Epidemiological models often rely on survey data to represent how individuals make health-related decisions, such as whether to vaccinate or adopt protective behaviors. However, repeated large-scale surveys are costly, time-consuming, and limited in the range of scenarios they can capture. In this work, we investigate whether large language models (LLMs) can generate synthetic survey responses that reproduce patterns observed in real populations. Using longitudinal data from the FluPaths surveys, we first identify groups associated with broadly positive or negative attitudes toward vaccination through clustering analysis. We then evaluate several LLMs using a cluster-informed prompting approach to generate synthetic survey responses across multiple epidemic waves. Across models, the synthetic data generally reproduce the distributions of demographic characteristics, vaccination-related beliefs, risk perceptions, and health behaviors observed in the survey data. However, they are less successful at capturing how these factors vary together within respondents. Some models reproduce group-level vaccination trends more reliably than others, although performance varies across waves. We also trained a classifier to distinguish real from synthetic records and found that the generated responses remained identifiable as synthetic. Overall, our findings suggest that LLM-generated survey data may provide a useful tool for exploratory data augmentation and we hope that it could support agent-based epidemic modeling approaches. However, the generated data should not be treated as a substitute for human survey data without further methodological improvements and validation.

Editorial analysis

A structured set of objections, weighed in public.

Desk editor's note, referee report, simulated authors' rebuttal, and a circularity audit. Tearing a paper down is the easy half of reading it; the pith above is the substance, this is the friction.

Desk Editor's Note private letter to a colleague

Cluster-informed LLM prompting matches marginals on FluPaths data but fails on joints and stays distinguishable, limiting its value for agent-based models.

read the letter

The core result here is that several LLMs, prompted with cluster-derived attitude groups from the FluPaths longitudinal surveys, can reproduce the separate distributions of demographics, beliefs, risk perceptions, and behaviors, yet they do not recover how those variables move together inside individual respondents. A classifier still picks out the synthetic records, and the authors state this directly.

What the work actually does is take an established synthetic-data technique, add a clustering step on real survey groupings, and run it across multiple epidemic waves and models. The evaluation is empirical and reports both the marginal successes and the joint failures without claiming the outputs are ready for substitution. That balance is the main thing the paper contributes.

The limitation that matters most is the one the abstract already flags: agent-based models need coherent individual bundles, not just correct averages. If the generated records mis-specify the correlations between, say, negative vaccination beliefs and protective behaviors, they cannot stand in for survey data in the intended downstream use. Variation across waves and models is noted but not analyzed in depth, so it is hard to tell how stable the approach is.
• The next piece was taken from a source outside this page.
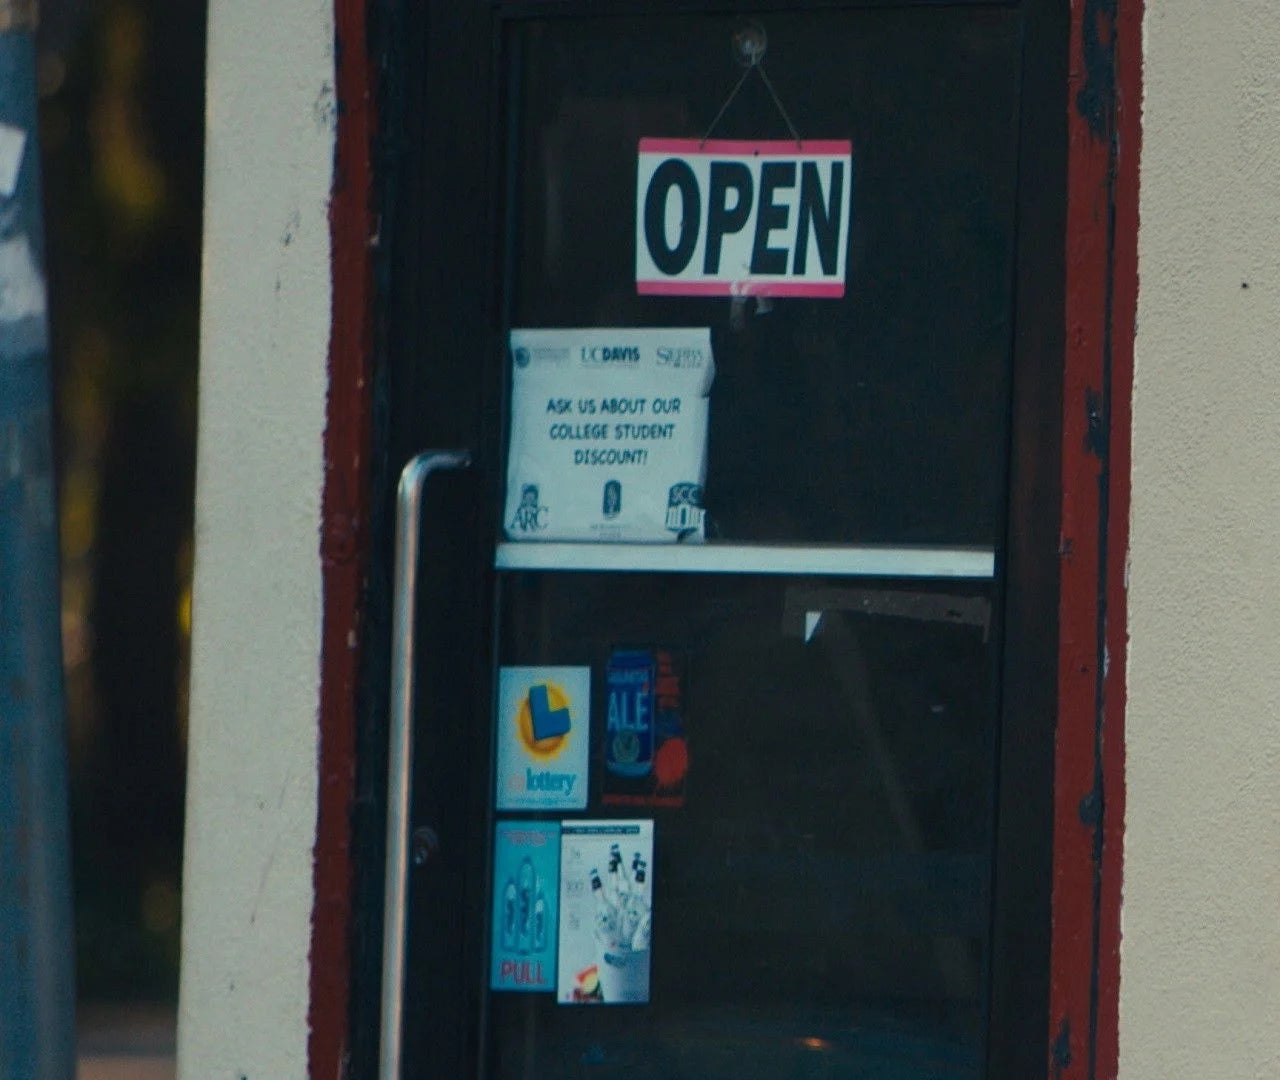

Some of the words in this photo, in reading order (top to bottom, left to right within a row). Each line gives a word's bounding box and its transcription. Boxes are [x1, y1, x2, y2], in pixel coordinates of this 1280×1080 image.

This is the kind of paper that belongs in a methods or data-augmentation track rather than a core epidemiology venue. Readers who are already experimenting with LLMs for survey augmentation will find the concrete failure modes useful. It is worth sending to referees because the evaluation is honest and the dataset is real; the authors do not overstate what they have shown.

Referee Report

1 major / 1 minor

Summary. The manuscript investigates whether LLMs can generate synthetic survey responses that reproduce patterns from the FluPaths longitudinal surveys on vaccination attitudes and health behaviors. Using clustering to identify groups with positive or negative vaccination attitudes, the authors apply cluster-informed prompting to several LLMs to produce synthetic records across epidemic waves. They report that the synthetic data generally match the marginal distributions of demographics, vaccination beliefs, risk perceptions, and behaviors, but are less successful at reproducing within-respondent covariation; classifiers can still distinguish real from synthetic records; and some models better capture group-level trends. The conclusion is that such data may support exploratory augmentation for epidemic modeling but should not substitute for real survey data without further validation.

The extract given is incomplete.